Go To The Mat(tresses)
Taking time to step away from the screen has been one of the year's most important practices. But for Adriene Mishler, also known as "The Reigning Queen of Pandemic Yoga," and her community of cult followers, the screen has become its own resolve. Her YouTube channel, called "Yoga With Adriene," with over 8 million subscribers, garnered one million new daily views during the first few months of the pandemic. In an era of kettlebell shortages and trending at-home workouts like the Goop-cosigned "The Class," Mishler's approach requires no financial commitment or total lifestyle transformation. A recently-uploaded video titled "Blanket Yoga" features her dog (and costar) Benji in a 40-minute sequence of breathwork, stretches, and self-hugs—beginning and ending bundled up in a position that looks more like sleep than exercise. Mishler encourages her students to use whatever they have on-hand, and to dress as comfortably as possible. She turns Zoom fatigue and blue light burnout into real, intentional rest for the body and the mind.

Illustration by Megan Tatem.
I Think You’d Be An Iconic Guest
In a brand new genre of dark and twisted satire, all bohemian garb and lost musicality, the star-studded cover of John Lennon's "Imagine" was a far cry from a shared moment of comfort in times of crisis. The chaos of 2020 added uncharted layers to the old catchphrase "Celebrities—they're just like us!," as talk show hosts and their regular A-list guests seemed to prioritize misguided gestures of togetherness over putting their money where their mouth is. Unlike us, the pandemic produced a problem specific to the lifestyles of the rich and famous: celebrities without celebrity culture floundered, seemingly untouched by the global crisis and unchecked in their attempts to remain in the spotlight.
Luckily, we had Brooklyn-based comedian and creator of the Instagram Live series "Baited" Ziwe Fumudoh, who brought us interviews with everyone from the famously "cancelled" Alison Roman to playwright Jeremy O. Harris.
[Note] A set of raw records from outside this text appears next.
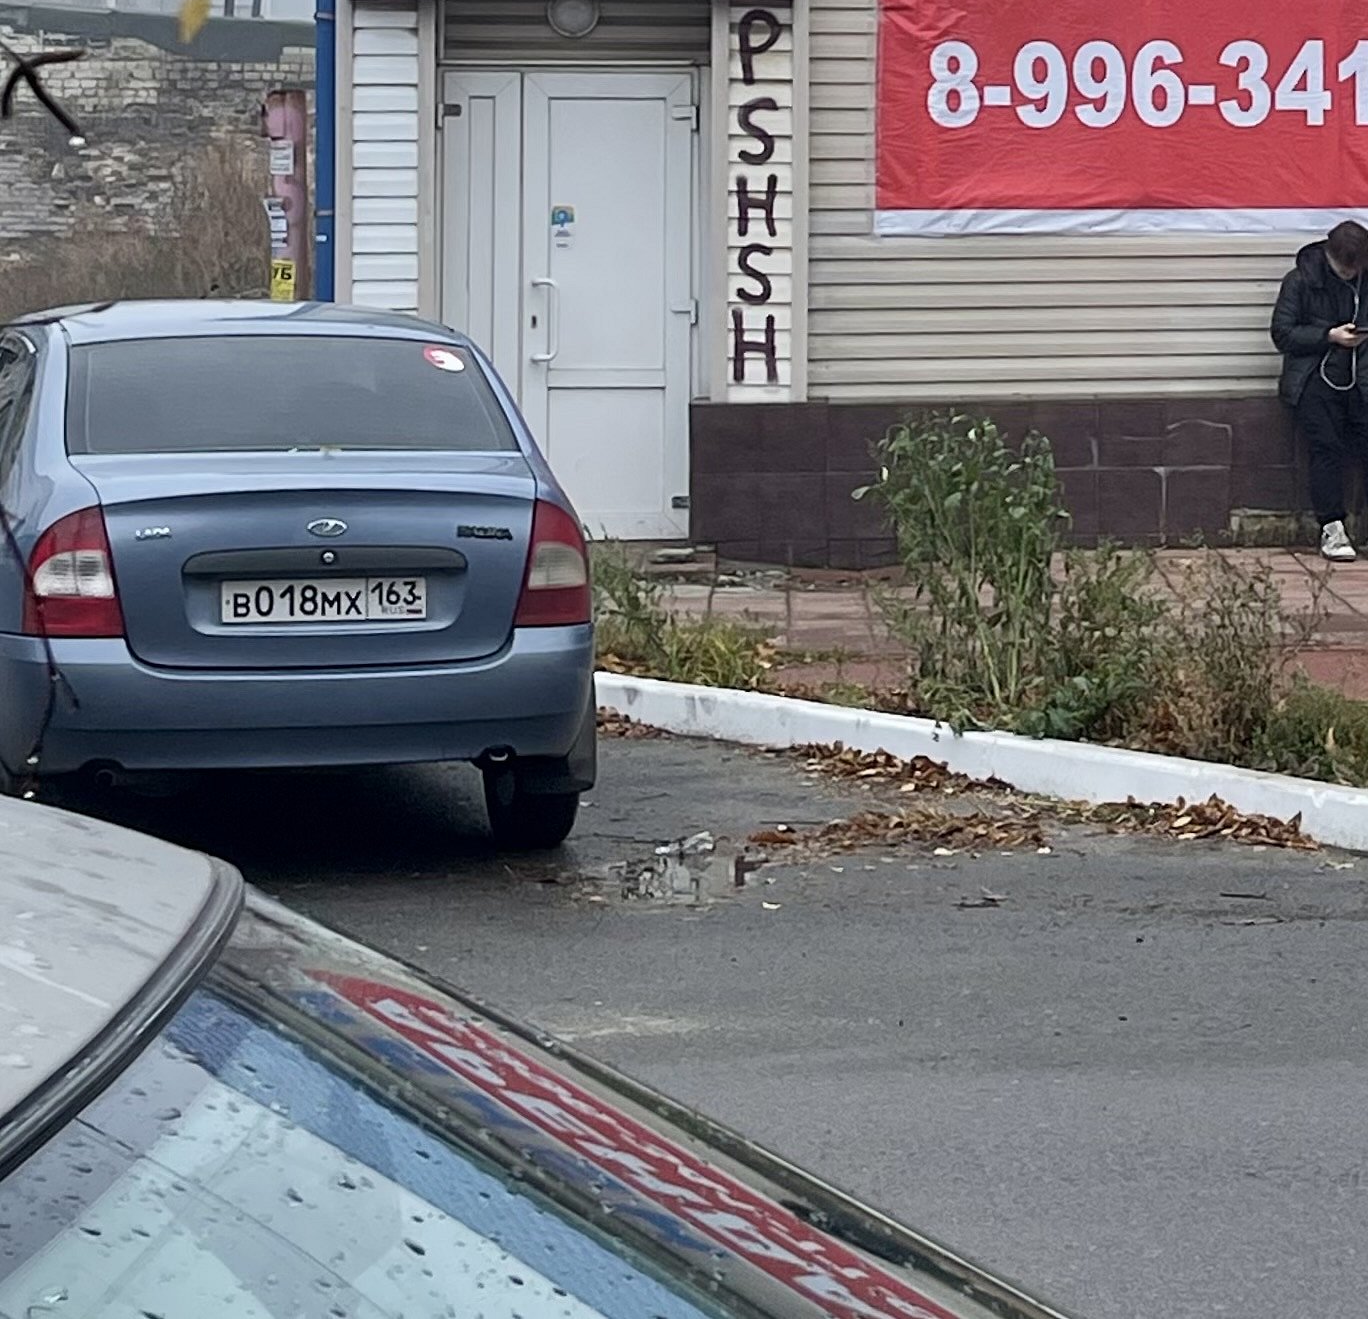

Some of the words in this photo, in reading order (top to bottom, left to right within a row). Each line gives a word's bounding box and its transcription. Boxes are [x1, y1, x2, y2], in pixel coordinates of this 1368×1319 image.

[731, 9, 782, 383] PSHSH
[233, 584, 363, 618] В018МХ
[370, 580, 419, 606] 163
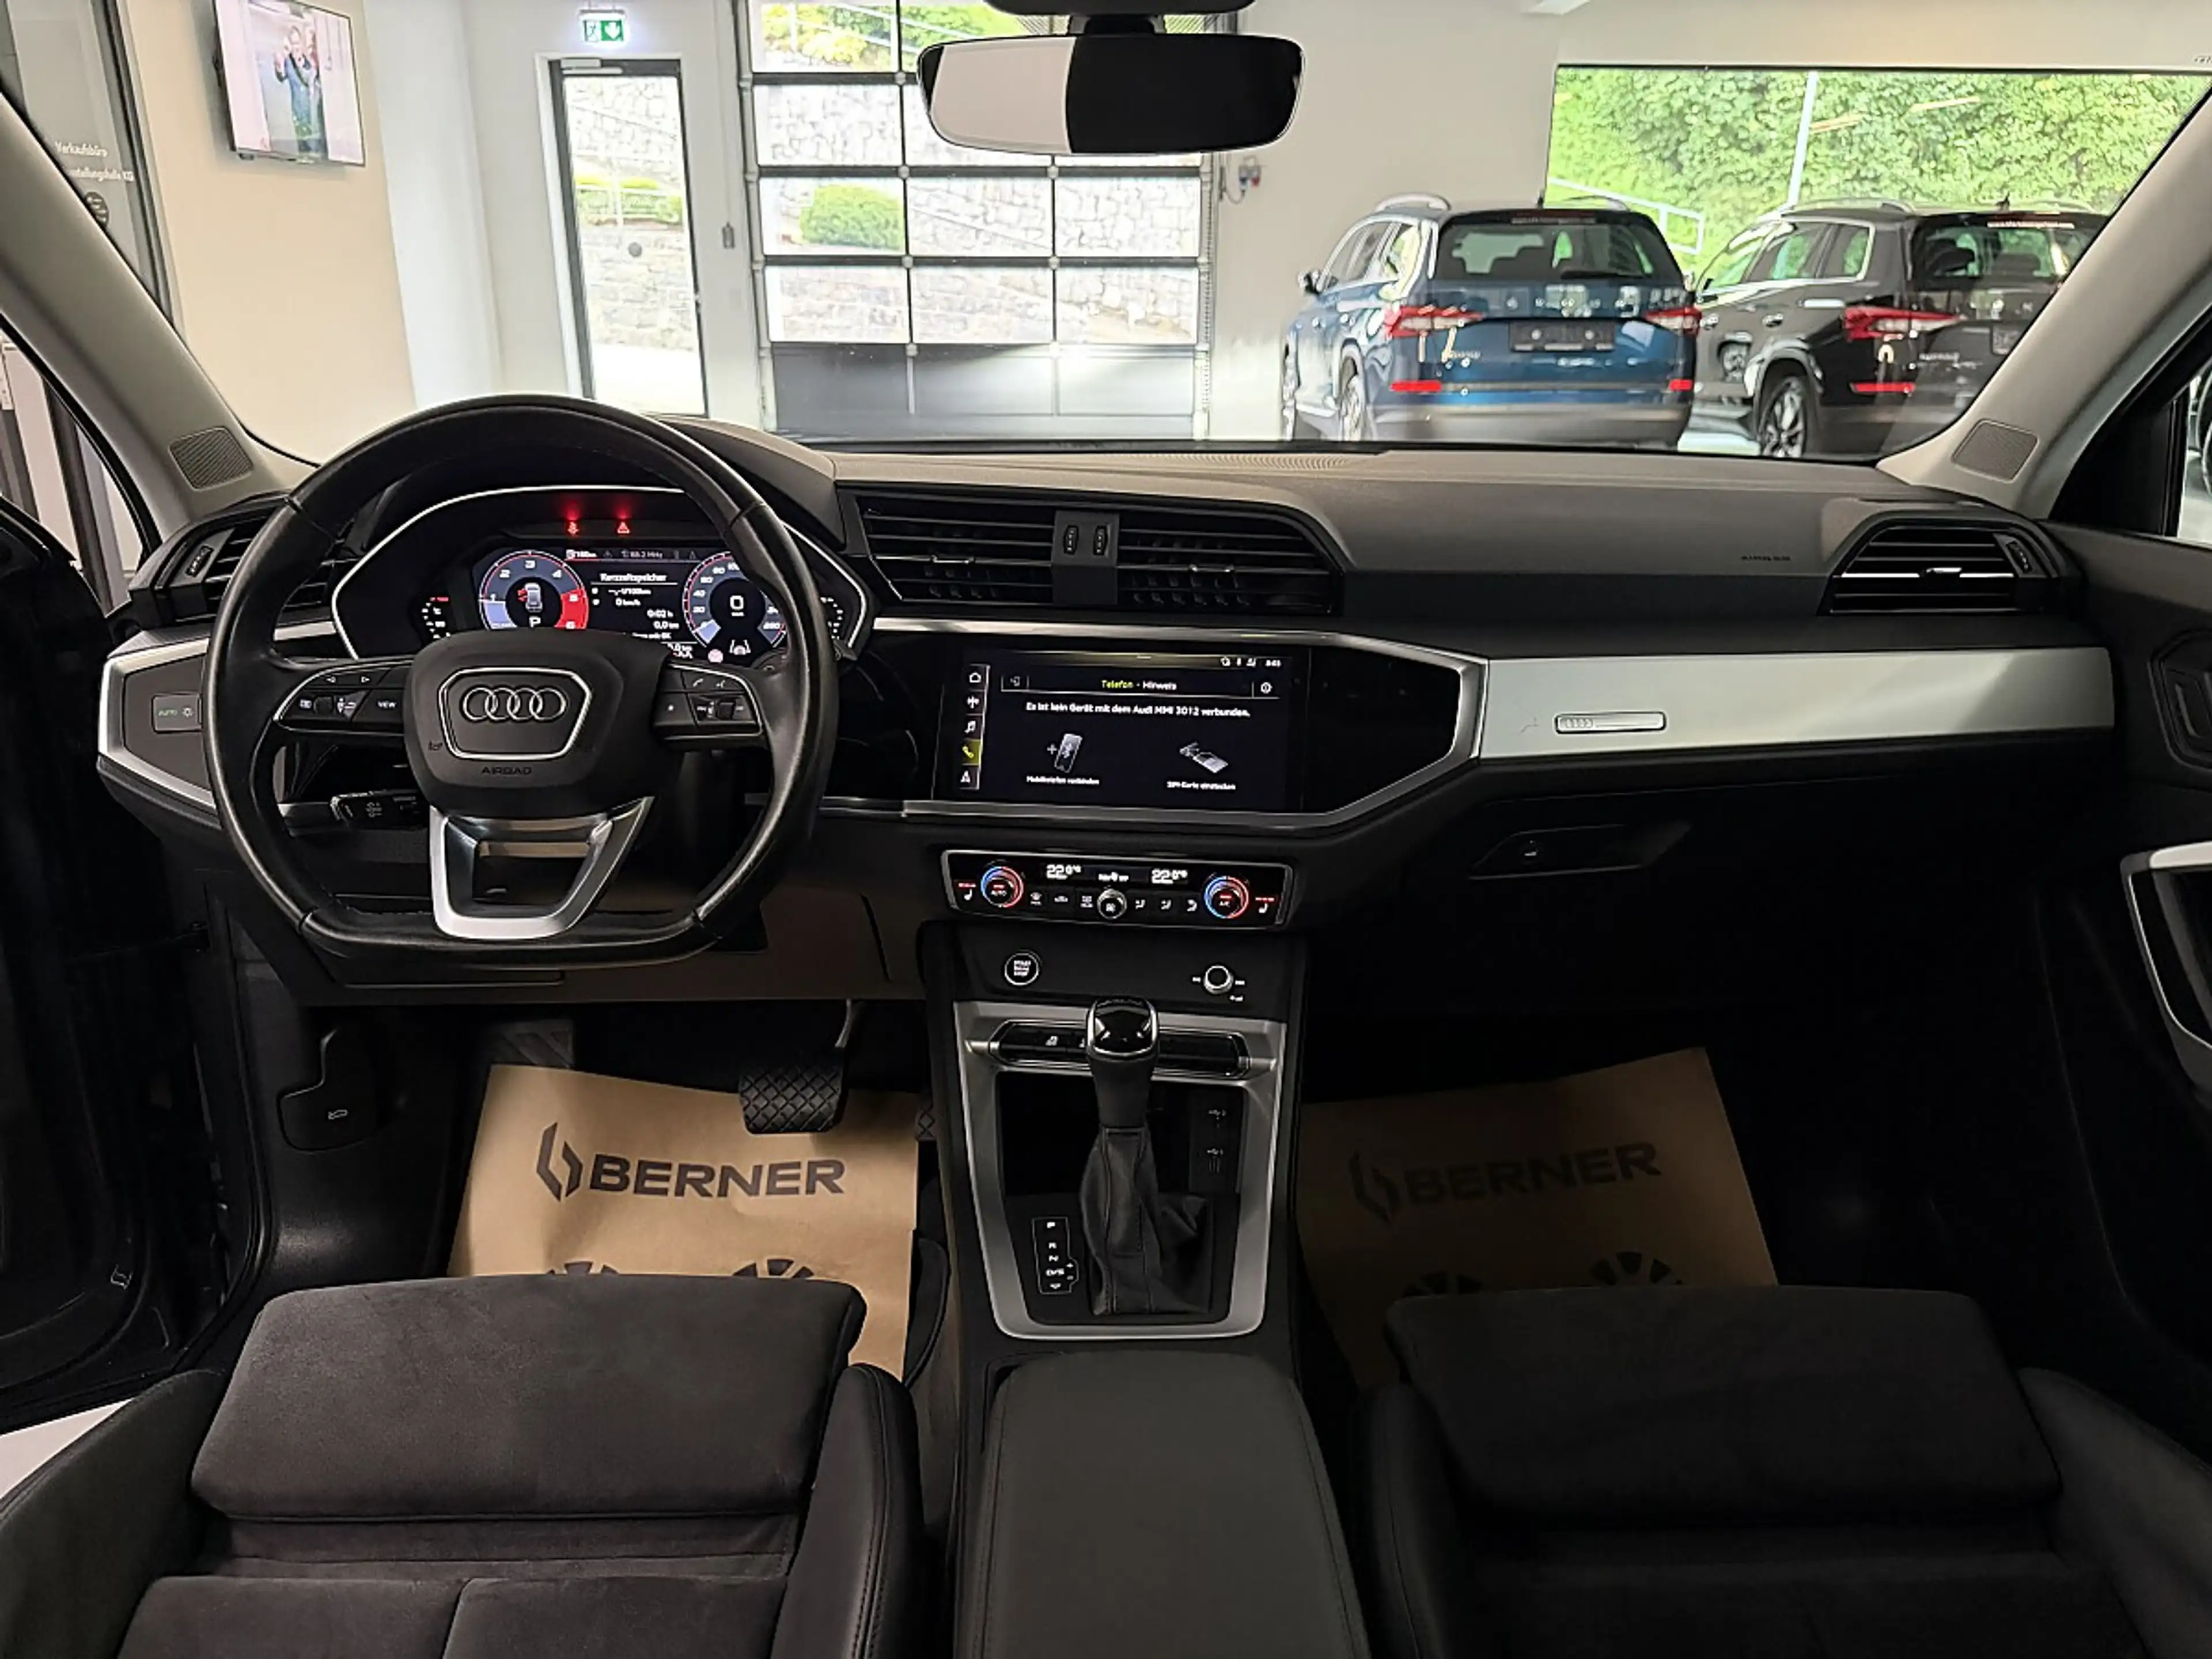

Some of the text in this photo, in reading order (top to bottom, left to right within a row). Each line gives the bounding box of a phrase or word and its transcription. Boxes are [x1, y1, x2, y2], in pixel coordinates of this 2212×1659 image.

[1101, 680, 1134, 689] Telefon
[1026, 702, 1036, 711] Es
[1095, 704, 1111, 713] mit
[1112, 704, 1131, 714] dem
[1132, 704, 1153, 714] Audi
[589, 1153, 846, 1198] BERNER
[1404, 1142, 1662, 1206] BERNER
With conversations around politics, race, and paying reparations, and her original hit singles "Make It Clap for Democracy" and "Universal Healthcare," Ziwe's listening material landed when we needed it most—buy her album on iTunes now.
Are You Still Watching?
“Anger is a potent spice. A pinch wakes you up, too much dulls your senses,” remarks the unremarkable Harry Beltik of Queen’s Gambit. The scripted miniseries has garnered attention from over 64 million Netflix-stan households, and sparked a renewed public interest in the game at the crux of its narrative—but how much of this has to do with the integrity of the entertainment, and how much to do with the fact that we are all, likely, navigating the world with “dulled senses”? In the stages of grief, anger comes after denial, and is the precursor to bargaining, depression, and (sometimes) acceptance. During a time of fluctuating peaks and valleys, curves and charts, these stages have become more like familiar cycles, perpetuated by forces we are unable to predict. Our moods become calendars, marked by our distractions.
Once a guilty indulgence, binge-watching feels collectively palliative—the privilege to tune out has become vital. Earlier days of lockdown offered us Tiger King, The Last Dance, Normal People and (contentiousl[ee]) Emili[ee] in Par[ee]. Each title jarrs the respective mood with which it was initially viewed—they measure our memories, or at the very least, the degree of our apathy. “Are you still watching?” you might read, after waking up: on the couch, lights on at 4am; from a fever dream; with a coffee ready to call in to your first meeting forgetting last night’s binge; with chin to chest, like a prawn in bed; or maybe you never stopped watching. You might wonder upon which word to place the emphasis—am I still watching? And more importantly, who is watching me? As grief continues to obscure our perception of time, our senses continuously dulled, may 2021 wake us up à la Beltik: with just a pinch.